Segment Open
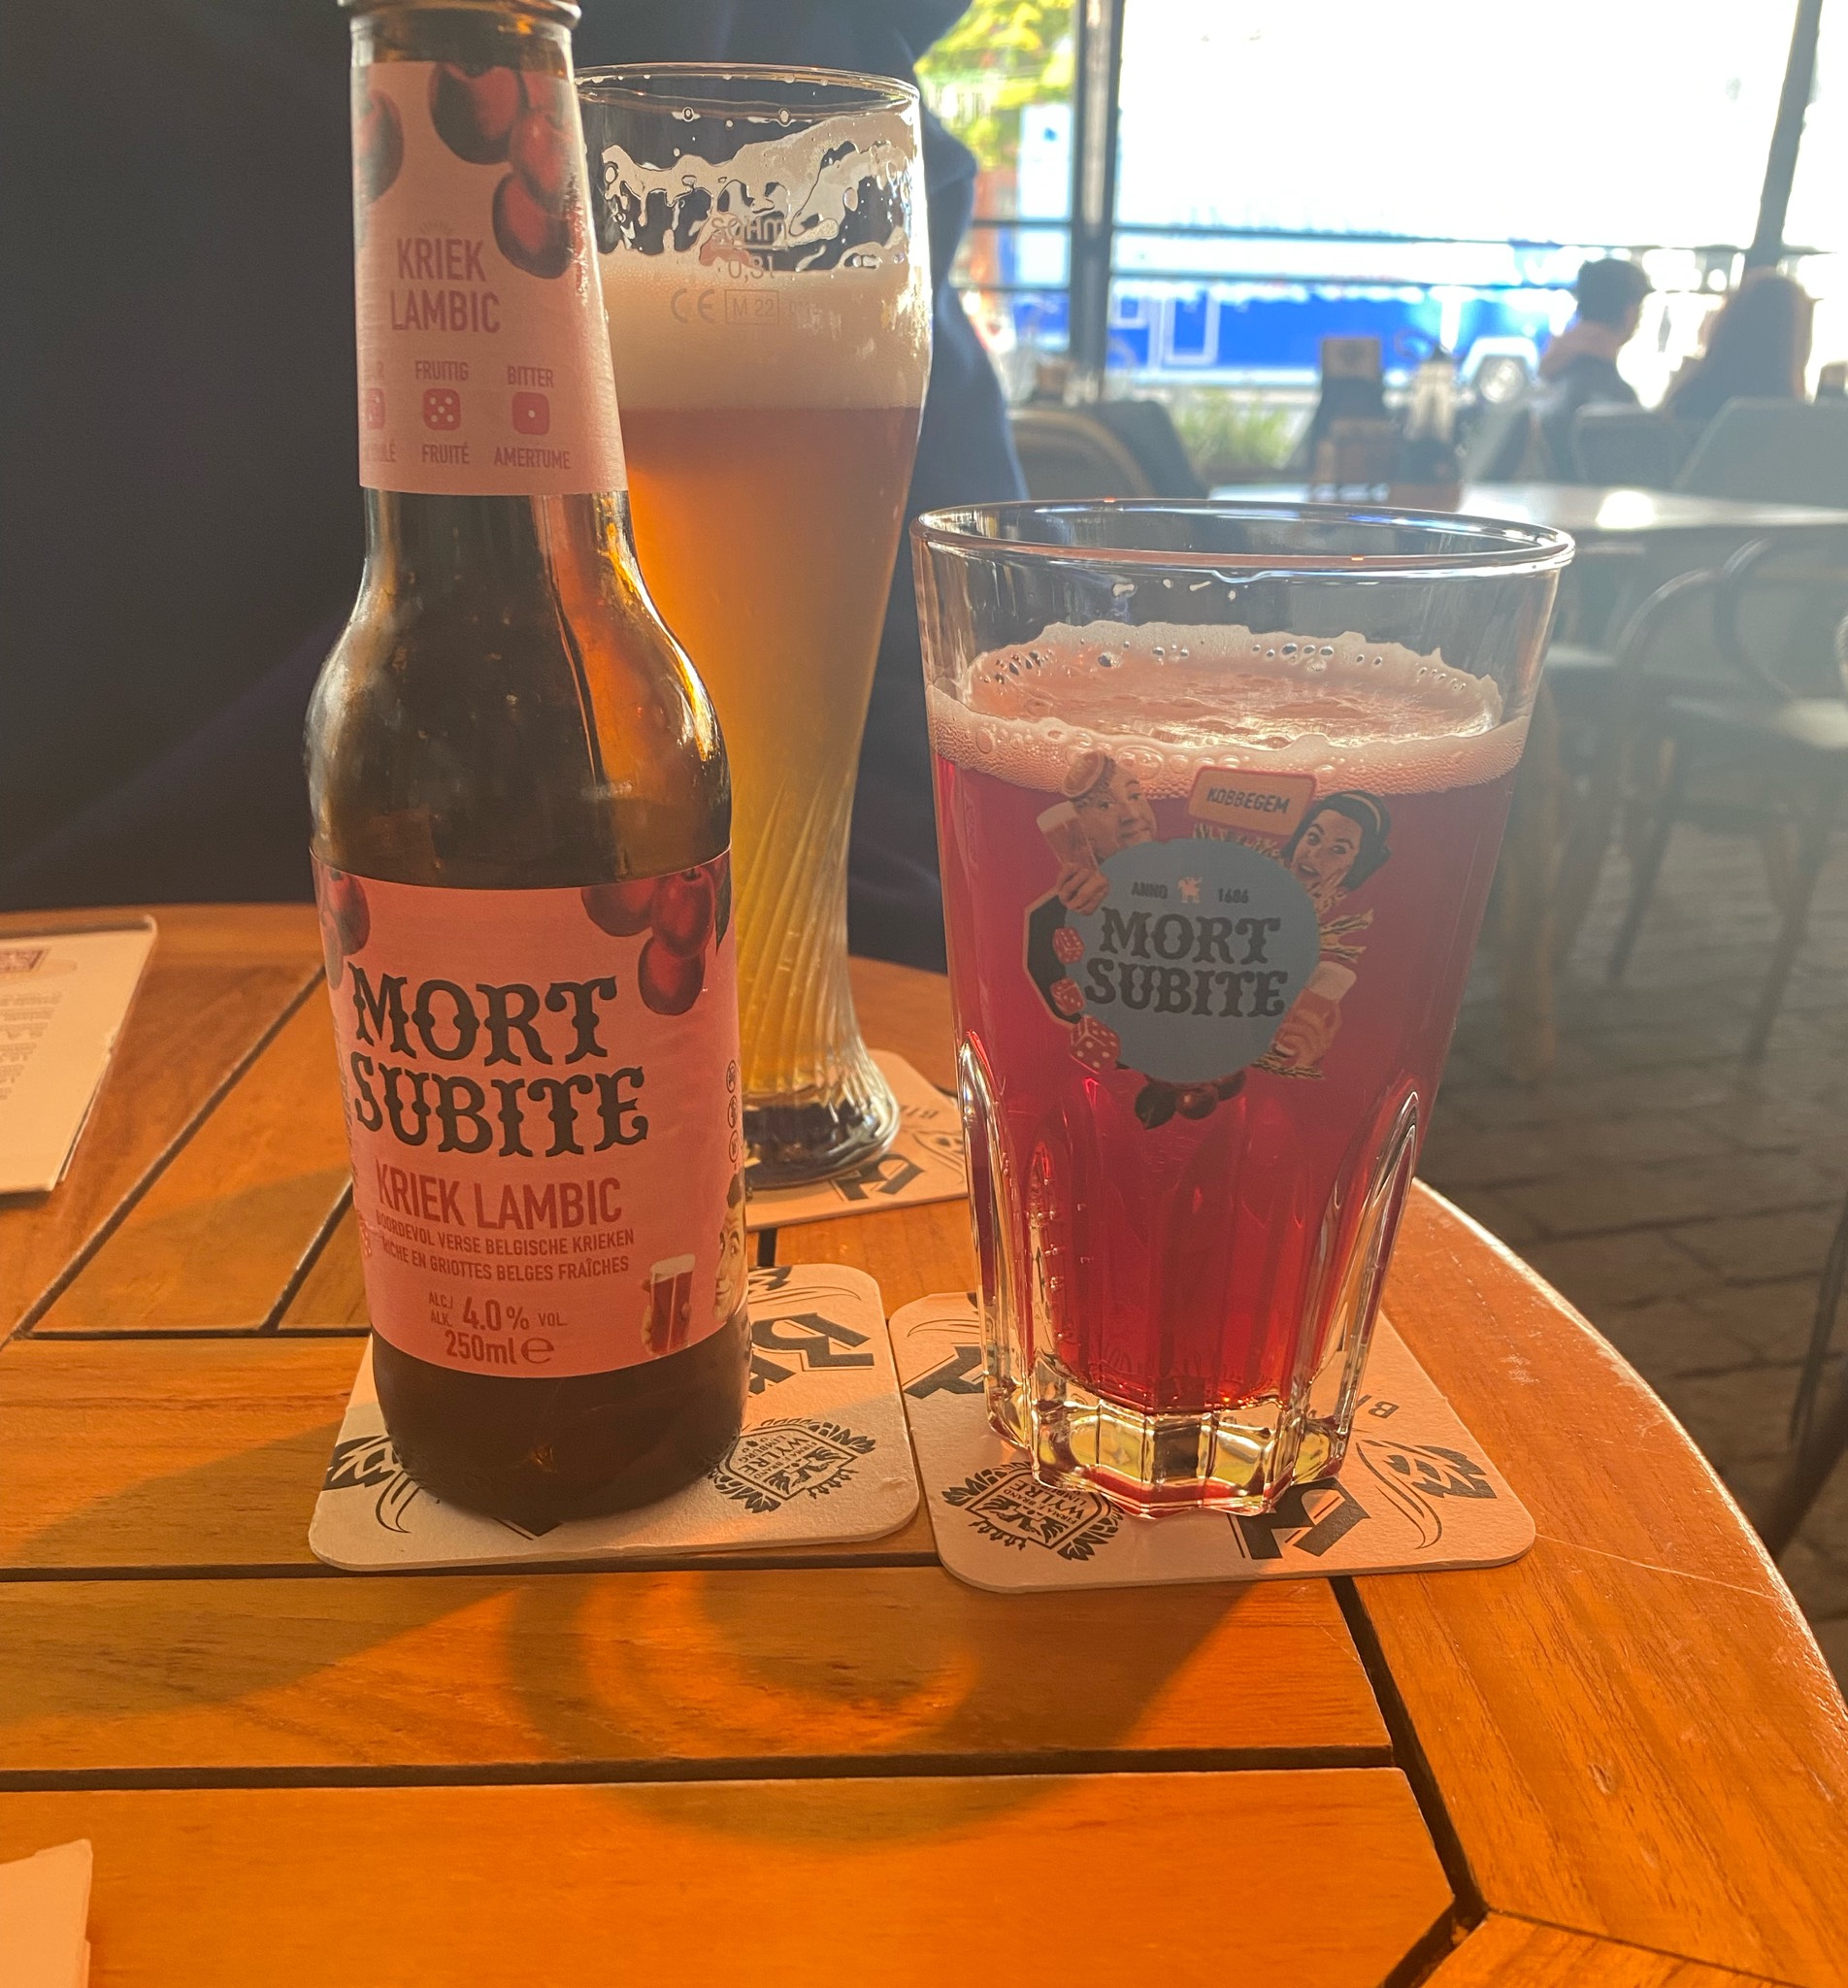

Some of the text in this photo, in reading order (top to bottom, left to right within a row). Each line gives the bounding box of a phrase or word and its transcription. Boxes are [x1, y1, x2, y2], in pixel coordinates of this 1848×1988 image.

[396, 238, 485, 282] KRIEK
[389, 289, 501, 333] LAMBIC
[415, 360, 469, 381] FRUITIG
[508, 366, 554, 387] BITTER
[421, 440, 471, 464] FRUITÉ
[493, 447, 571, 469] AMERTUME
[1206, 787, 1290, 813] KOBBEGEM
[1131, 881, 1250, 904] ANNO 1686
[1099, 907, 1281, 965] MORT
[1084, 957, 1289, 1017] SUBITE
[347, 961, 617, 1066] MORT
[350, 1051, 649, 1157] SUBITE
[376, 1158, 622, 1230] KRIEK LAMBIC
[437, 1231, 480, 1253] VERSE
[485, 1238, 568, 1256] BELGISCHE
[572, 1228, 634, 1253] KRIEKEN
[412, 1250, 427, 1270] EN
[429, 1255, 492, 1280] GRIOTTES
[497, 1264, 553, 1281] BELGES
[558, 1255, 629, 1279] FRAÎCHES
[738, 1435, 787, 1463] LIMBURG
[738, 1438, 809, 1475] WYLRE
[753, 1461, 784, 1479] BRAND
[1003, 1488, 1038, 1506] BRAND
[1009, 1479, 1085, 1520] WYLRE
Segment Closed
Prompt = Verbatim copy, images excluded: transcribe all the entries above.

Answer box =
Some of the text in this photo, in reading order (top to bottom, left to right within a row). Each line gives the bounding box of a phrase or word and its transcription. Boxes are [x1, y1, x2, y2], in pixel coordinates of this 1848×1988 image.

[396, 238, 485, 282] KRIEK
[389, 289, 501, 333] LAMBIC
[415, 360, 469, 381] FRUITIG
[508, 366, 554, 387] BITTER
[421, 440, 471, 464] FRUITÉ
[493, 447, 571, 469] AMERTUME
[1206, 787, 1290, 813] KOBBEGEM
[1131, 881, 1250, 904] ANNO 1686
[1099, 907, 1281, 965] MORT
[1084, 957, 1289, 1017] SUBITE
[347, 961, 617, 1066] MORT
[350, 1051, 649, 1157] SUBITE
[376, 1158, 622, 1230] KRIEK LAMBIC
[437, 1231, 480, 1253] VERSE
[485, 1238, 568, 1256] BELGISCHE
[572, 1228, 634, 1253] KRIEKEN
[412, 1250, 427, 1270] EN
[429, 1255, 492, 1280] GRIOTTES
[497, 1264, 553, 1281] BELGES
[558, 1255, 629, 1279] FRAÎCHES
[738, 1435, 787, 1463] LIMBURG
[738, 1438, 809, 1475] WYLRE
[753, 1461, 784, 1479] BRAND
[1003, 1488, 1038, 1506] BRAND
[1009, 1479, 1085, 1520] WYLRE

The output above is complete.